Let us not twist Martin Luther King Jr’s work into something it was not.
It was not about turning the other cheek and being silent. It was about getting punched in the face and persisting.
It was not about us all getting along and being nice, it was about claiming promised rights and justice.
Too many of us were taught that the civil rights movement was about where someone sat on a bus and how the solution was friendship. Simple friendship and getting along was no more the point than a bruise is the point of cancer. This simple narrative ignores the devastation and violence imposed on Black Americans by local governments, school boards, police departments, corporations, as well as run of the mill every day white people.

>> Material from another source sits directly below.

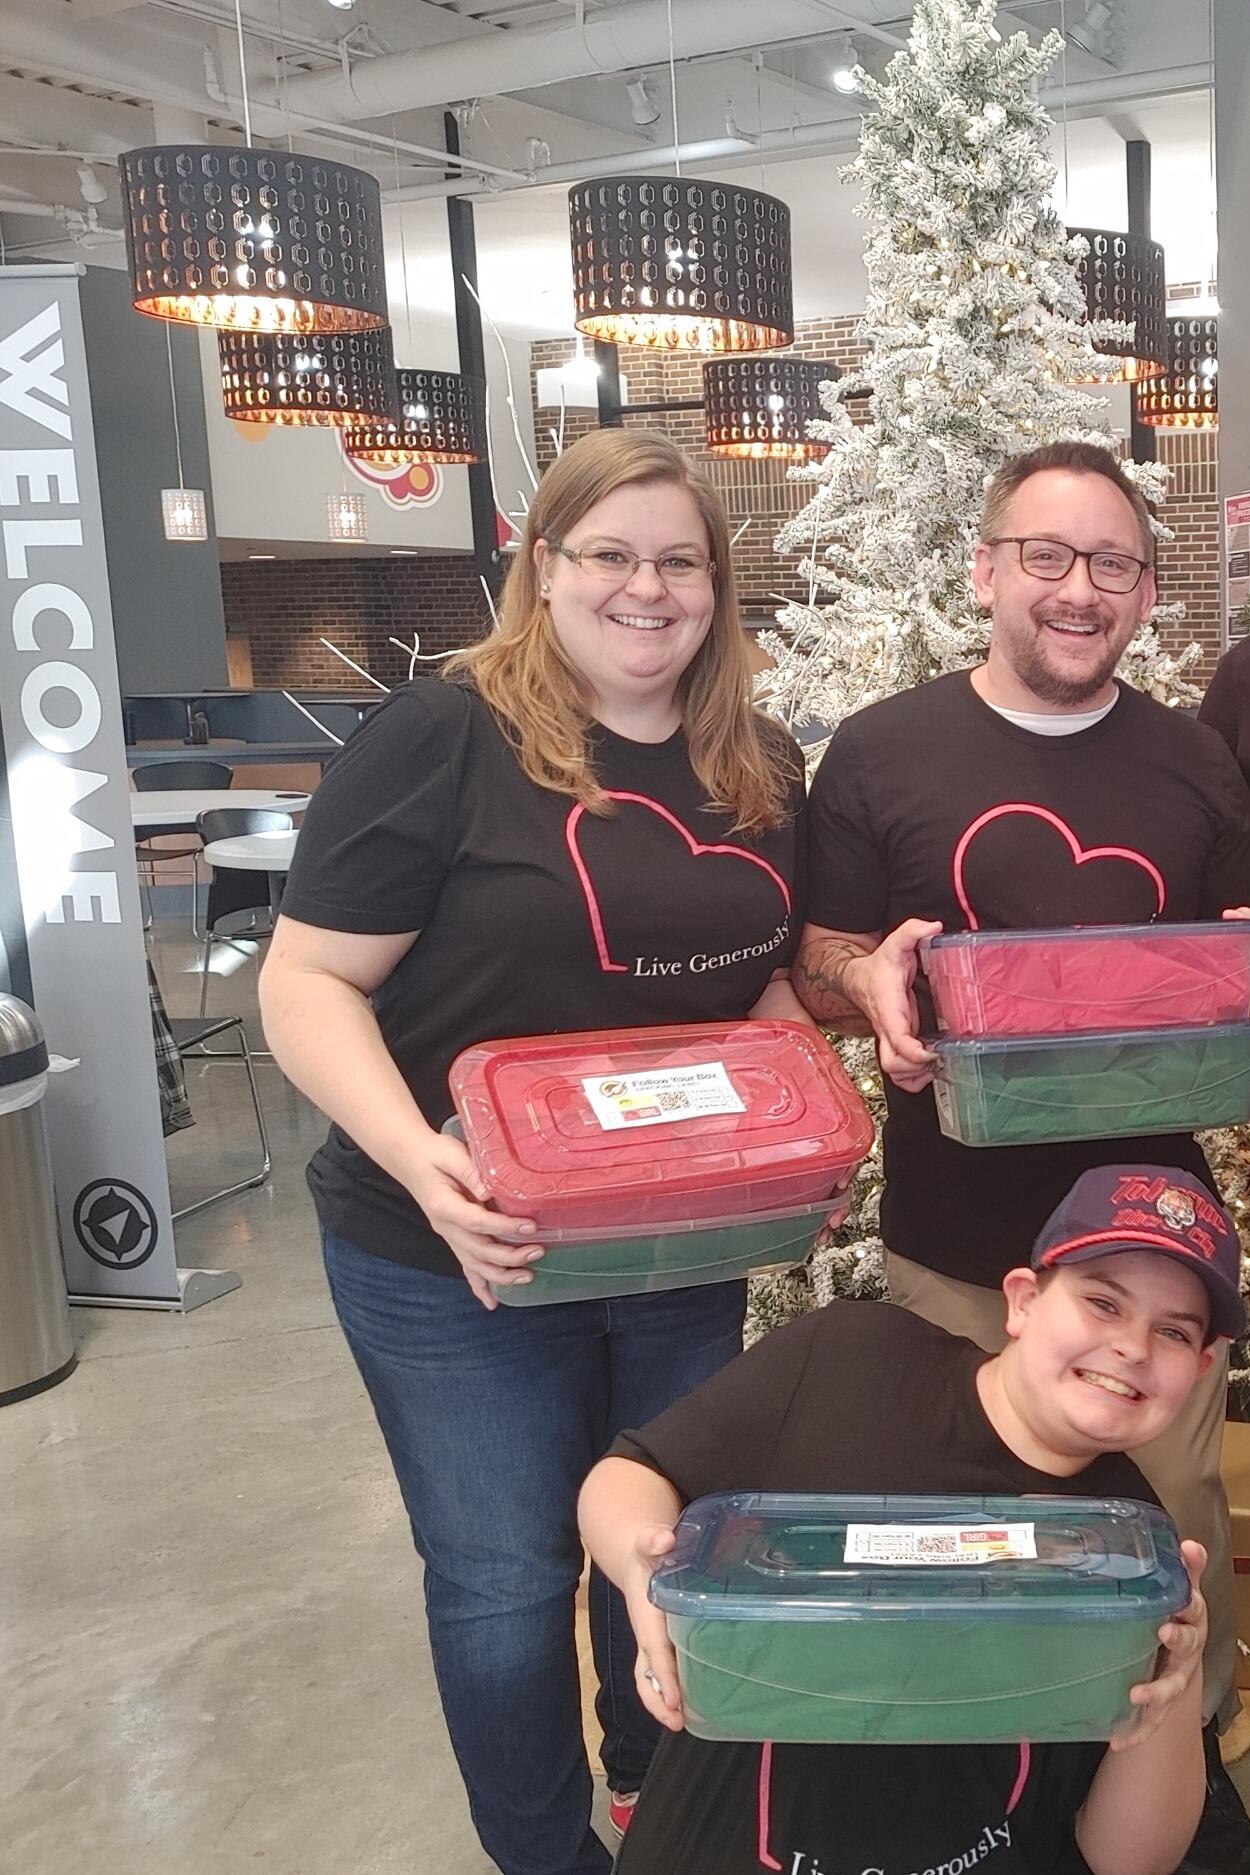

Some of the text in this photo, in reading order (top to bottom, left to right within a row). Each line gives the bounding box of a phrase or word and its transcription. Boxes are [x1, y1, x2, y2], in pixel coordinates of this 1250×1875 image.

[0, 300, 122, 925] WELCOME
[633, 914, 791, 977] Live Generously
[631, 1073, 718, 1088] Follow Your Box

Black people were not fighting for the right to sit on a bus or drink from a fountain, they were screaming, shouting, fighting, and dying, for basic rights promised to all Americans. Those rights were being systematically and violently denied. The “colored” signs and fountains were just a little token on the surface to warn against those who might be tempted to scratch a little deeper. This was never really about sitting happily next to each other, it was about the fact that one group of people weren’t allowed to ever sit and rest.
Friendship without rights or justice is a degrading sort of condescension that was never a goal of the movement. Simplifying the issues of racial injustice to the basics of treating everyone kindly is similar to telling a child not to sneeze on a gunshot victim in the ER. Of course we should be kind to each other but there were, and are, bigger issues at play.
But Dr. King did talk of the day when we could be friends. I dream of that day. I think we have seen glimpses of it, but we should never fool ourselves into thinking that the friendship is the goal. It isn’t.
It (friendship and harmony) is, and would be, the natural consequence of actual justice and equality- which we have never completely attained. The field was never leveled, injustice persists, and many of us haven’t woken from our dreaming state to do the hard work required to get to that promised land.